:: DATA FOR THE TASK ::
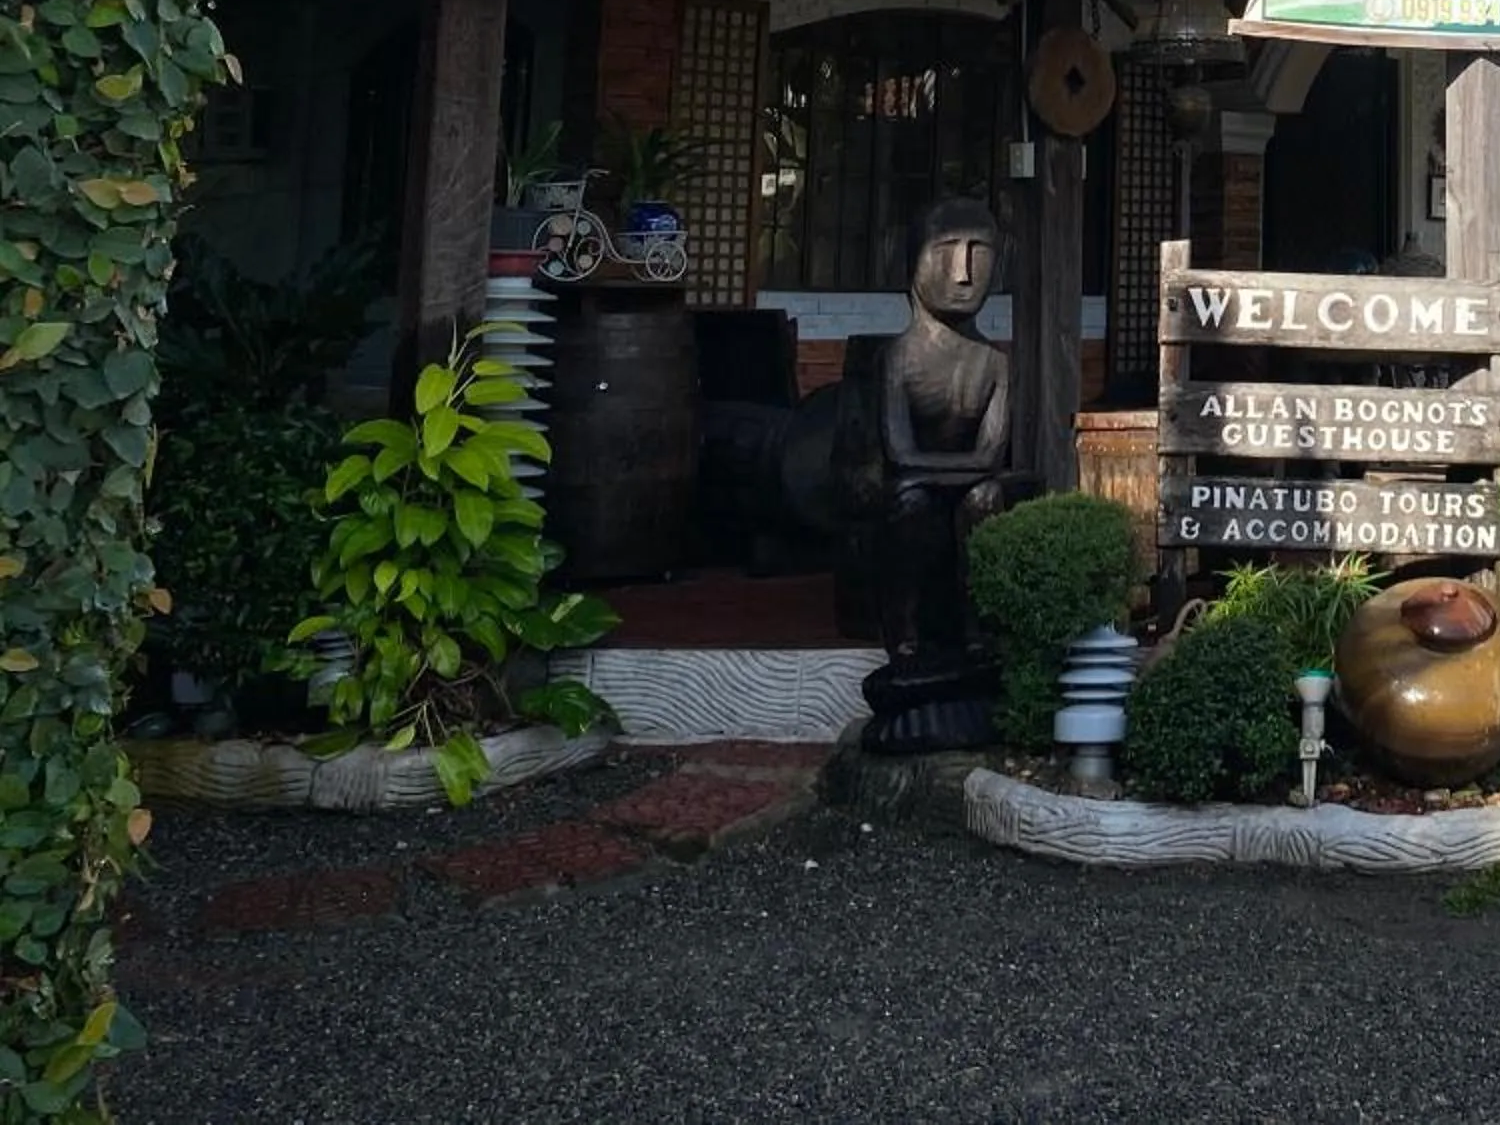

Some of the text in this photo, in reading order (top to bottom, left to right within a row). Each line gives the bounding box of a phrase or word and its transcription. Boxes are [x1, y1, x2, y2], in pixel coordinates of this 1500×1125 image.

[1187, 287, 1489, 336] WELCOME
[1200, 394, 1318, 420] ALLAN
[1221, 424, 1455, 454] GUESTHOUSE
[1191, 485, 1486, 518] PINATUBO TOURS
[1180, 516, 1497, 550] & ACCOMMODATION
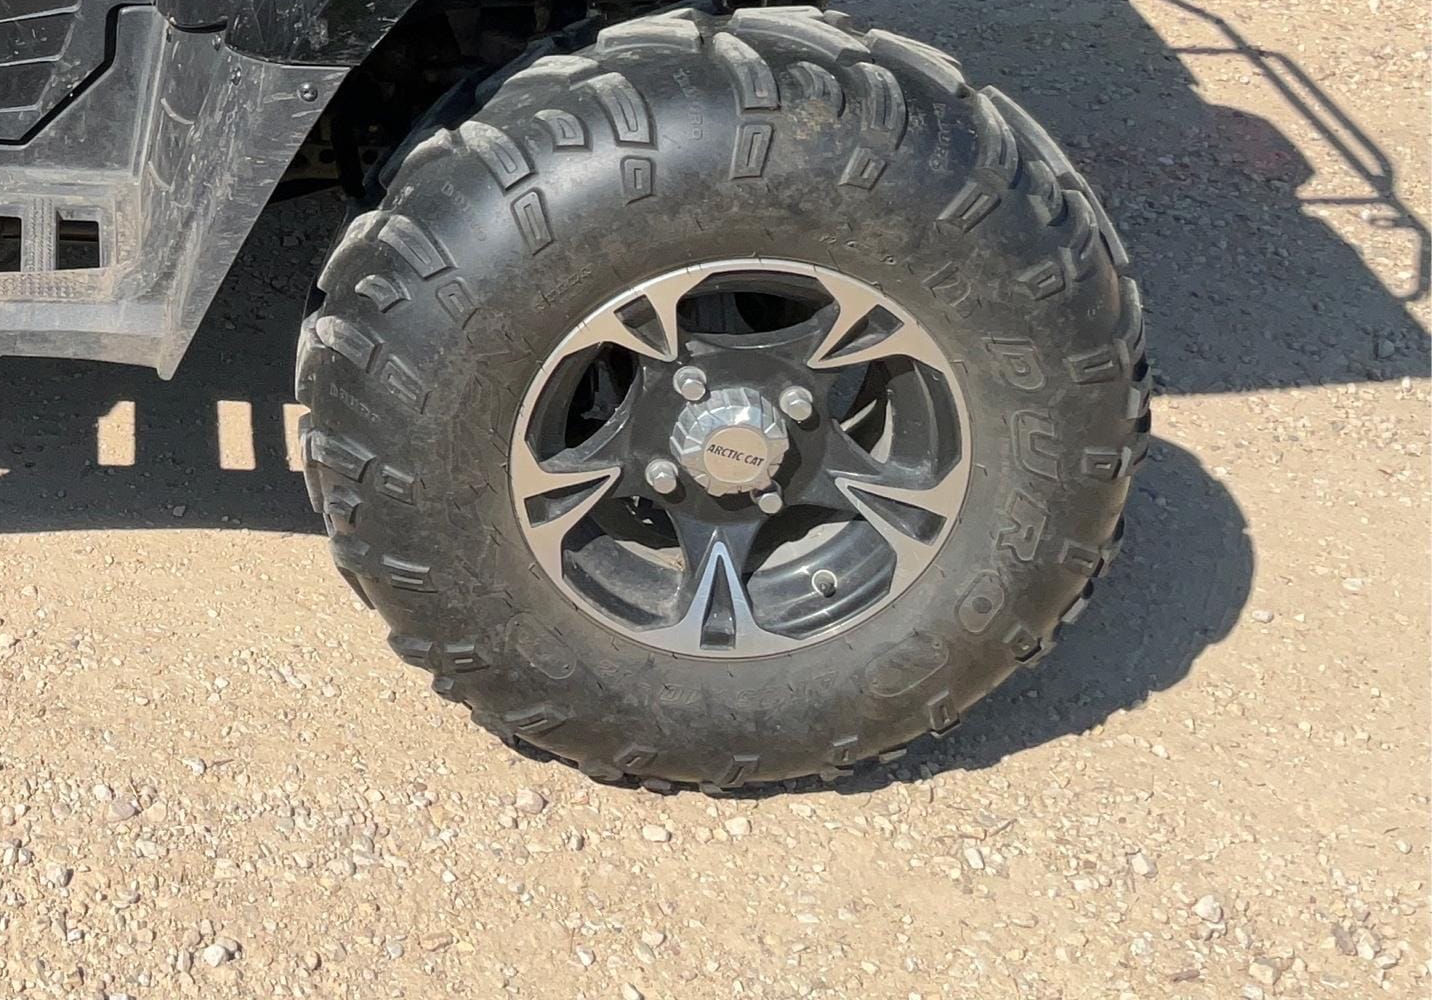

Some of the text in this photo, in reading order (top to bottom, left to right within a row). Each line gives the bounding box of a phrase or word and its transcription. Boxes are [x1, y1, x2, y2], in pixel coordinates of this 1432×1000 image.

[707, 444, 765, 467] ARCTIC CAT
[956, 336, 1064, 633] DURO
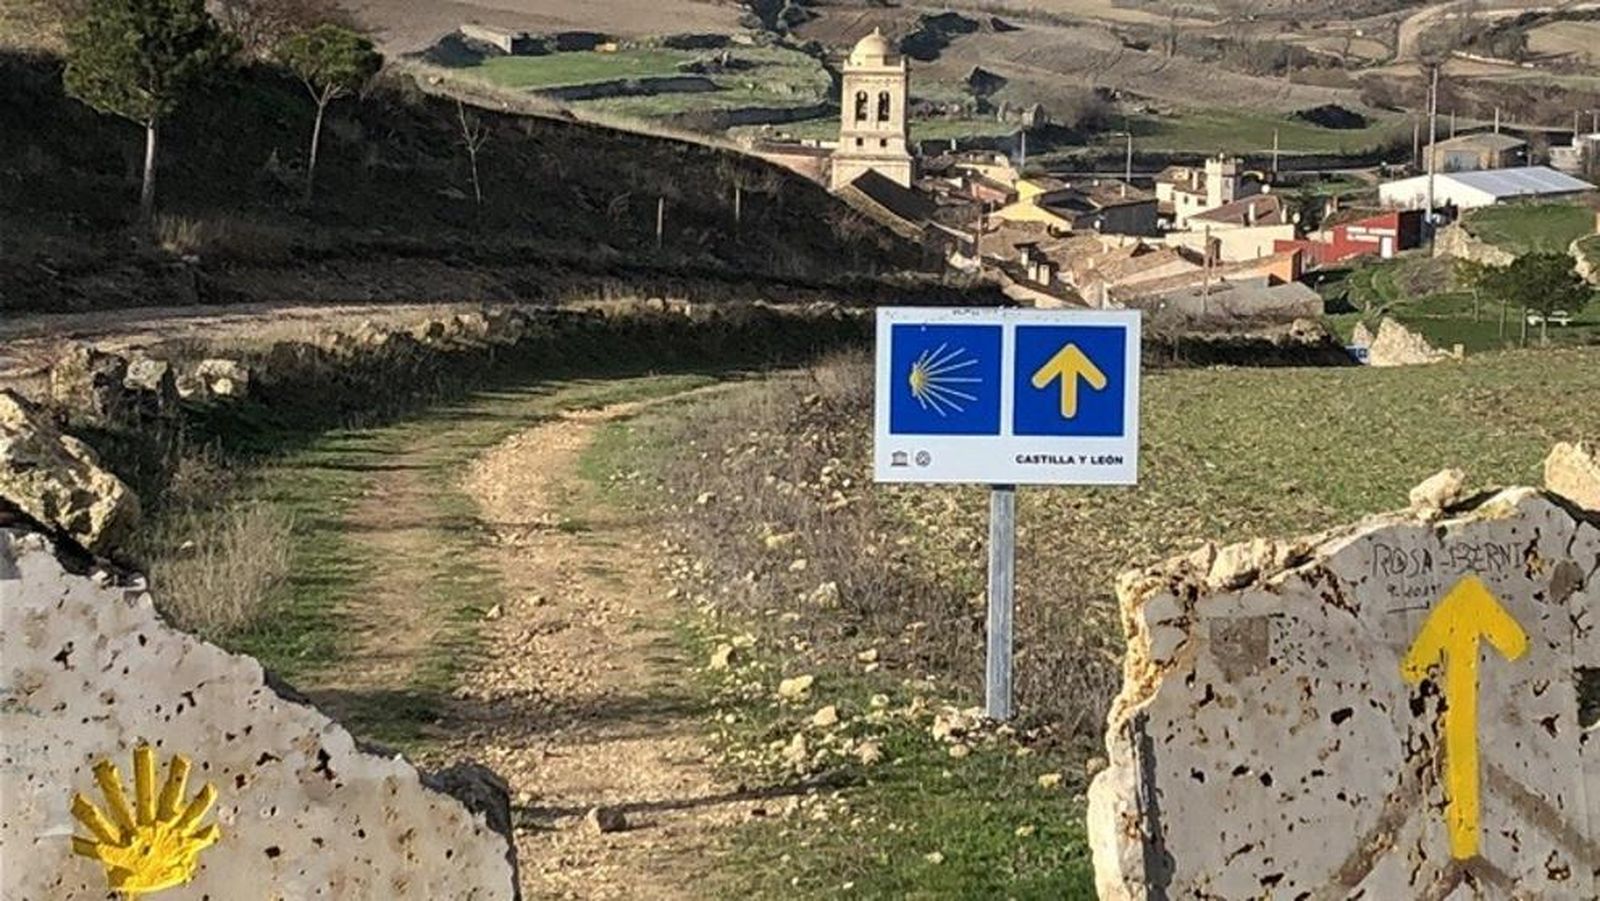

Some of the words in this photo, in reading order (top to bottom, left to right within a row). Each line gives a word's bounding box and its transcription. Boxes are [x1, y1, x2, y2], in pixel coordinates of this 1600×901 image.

[1015, 454, 1075, 465] CASTILLA
[1079, 455, 1087, 465] Y
[1091, 454, 1123, 466] LEÓN
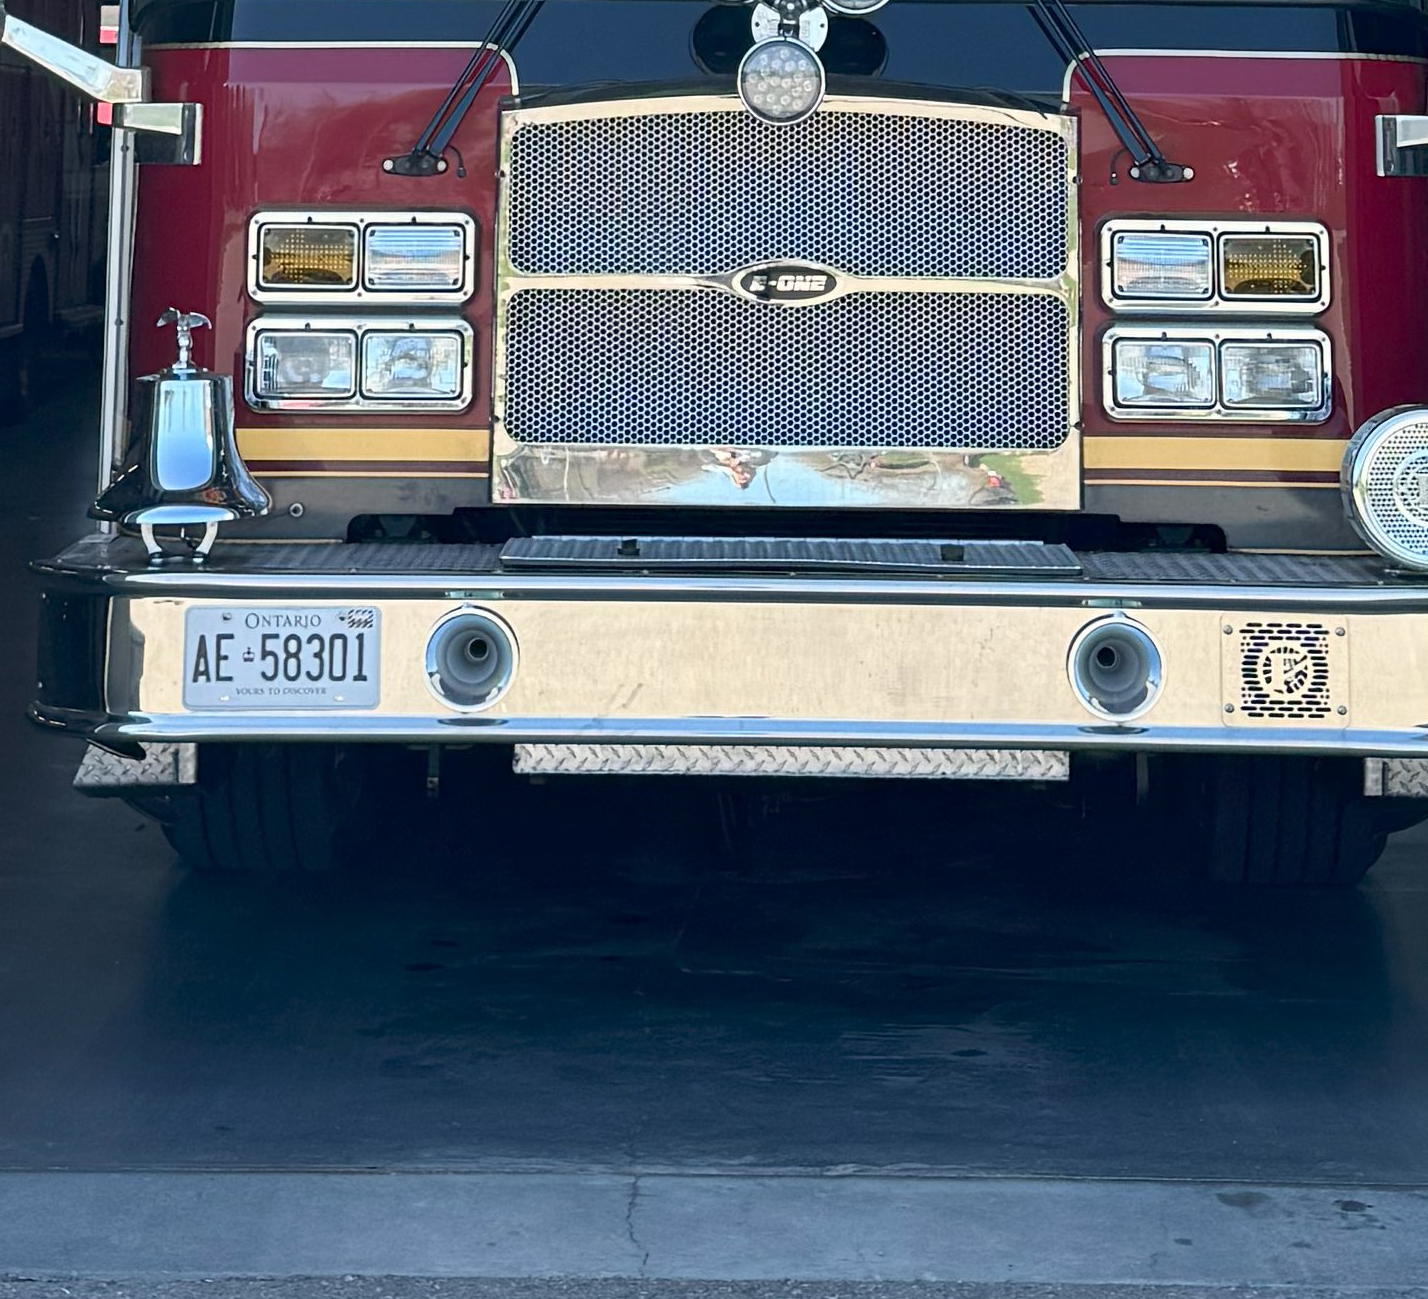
:::
__PROBLEM STATEMENT__: An exact copy of the records above is wanted, with the pictures omitted.

__RESPONSE BOX__:
Some of the text in this photo, in reading order (top to bottom, left to right within a row). Each line gives the bounding box of a phrase or word and its transcription. Boxes are [x1, y1, x2, y2], in pixel coordinates of this 1500×1125 image.

[1187, 287, 1489, 336] WELCOME
[1200, 394, 1318, 420] ALLAN
[1221, 424, 1455, 454] GUESTHOUSE
[1191, 485, 1486, 518] PINATUBO TOURS
[1180, 516, 1497, 550] & ACCOMMODATION

Some of the text in this photo, in reading order (top to bottom, left to right within a row). Each line gives the bounding box of a phrase or word and its transcription. Boxes are [x1, y1, x2, y2], in pixel coordinates of this 1432×1000 image.

[707, 444, 765, 467] ARCTIC CAT
[956, 336, 1064, 633] DURO

Some of the words in this photo, in reading order (top to bottom, left to right within a row). Each line gives a word's bounding box and its transcription. Boxes are [x1, y1, x2, y2], in pixel coordinates of this 1600×901 image.

[1015, 454, 1075, 465] CASTILLA
[1079, 455, 1087, 465] Y
[1091, 454, 1123, 466] LEÓN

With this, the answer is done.